Sephe- lol, sorry to hear that!   I remember in college my friends always used to drive to the wayside.. (I went to Ferris, in Big Rapids, which is about 30-40 min away)  at least you have the Soaring Eagle.. lol... that can provide SOME entertainment from time to time... when ur really bored.


----------



## glamella (Jun 2, 2005)

Nordstrom, Neimans, Saks, Barneys, Macys, Filenes for dept stores.
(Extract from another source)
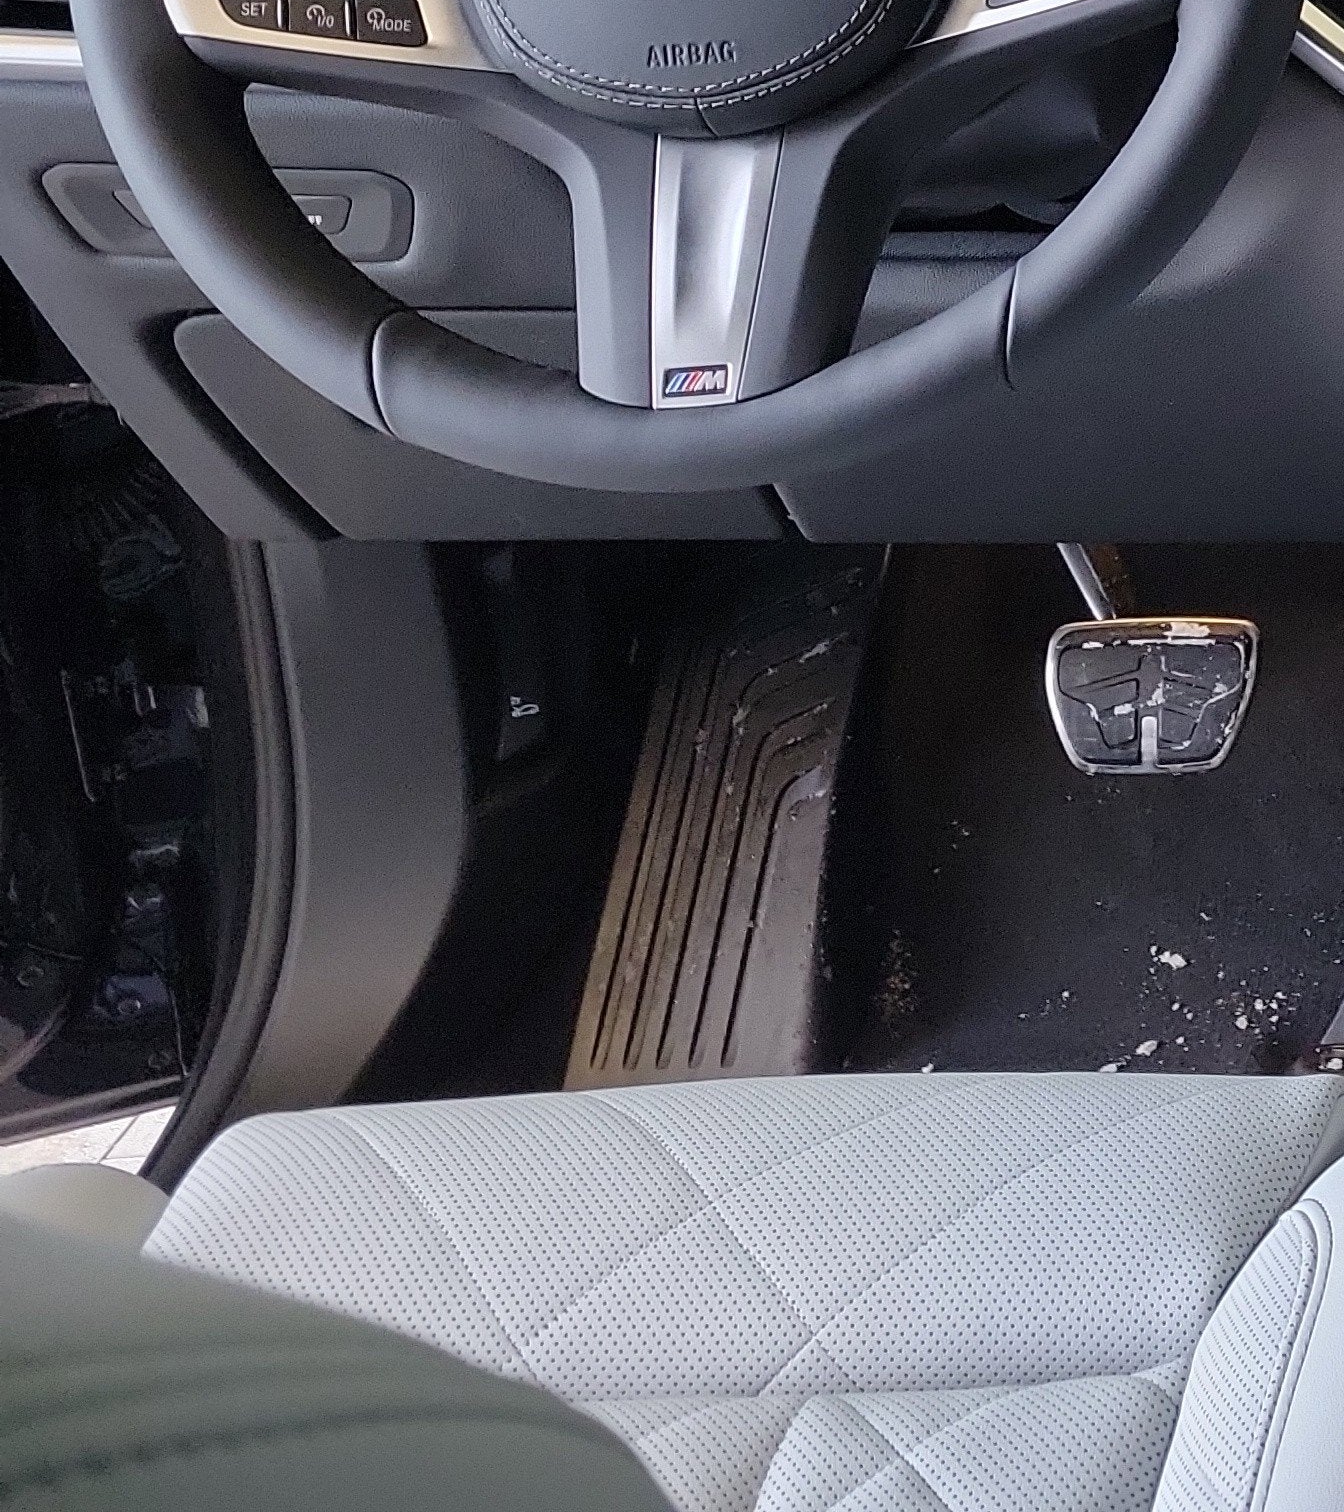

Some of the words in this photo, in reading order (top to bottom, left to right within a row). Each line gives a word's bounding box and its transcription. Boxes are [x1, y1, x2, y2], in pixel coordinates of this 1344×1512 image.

[240, 2, 267, 17] SET
[372, 17, 412, 32] MODE
[646, 41, 736, 68] AIRBAG
BR, Limited, F21, DSW, Sephora, NY & Company, eBay, blaec.com

and sooo many more....


----------



## moonrevel (Jun 2, 2005)

I have a sort of weird style that I like to call "sophistigoth"...I wear all black, but usually just fairly plain black clothes, so I just sort of buy what looks good at Banana Republic, The Gap, Express, and random department stores, but mostly Gap (it's my guilty pleasure).  For shoes I like Journey's and zappos.com (which is an awesome site - they pretty much always have free shipping!), and for accessories I like little random independent shops that sell imports and the work of local artists.


----------



## Glamourpusskitty (Jun 3, 2005)

Hi ladies!

I live in Scotland so most of you probably haven't heard of my fave stores.  They are:

Oasis (my fave for nearly everything, I love this store.  i've had gorgeous winter coats from it and some lovely dresses)
Warehouse (great for coats, pretty dresses, funky accessories and smart suits)
New Look (great for inexpensive yet good quality shoes and I love the jeans they sell too)
Ebay (sometimes I don't have a lot of spare cash so I always check ebay out first to see if I can get a bargain)

I'd actually shop anywhere at all, sometimes you find the prettiest stuff where you least expect it!

xx


----------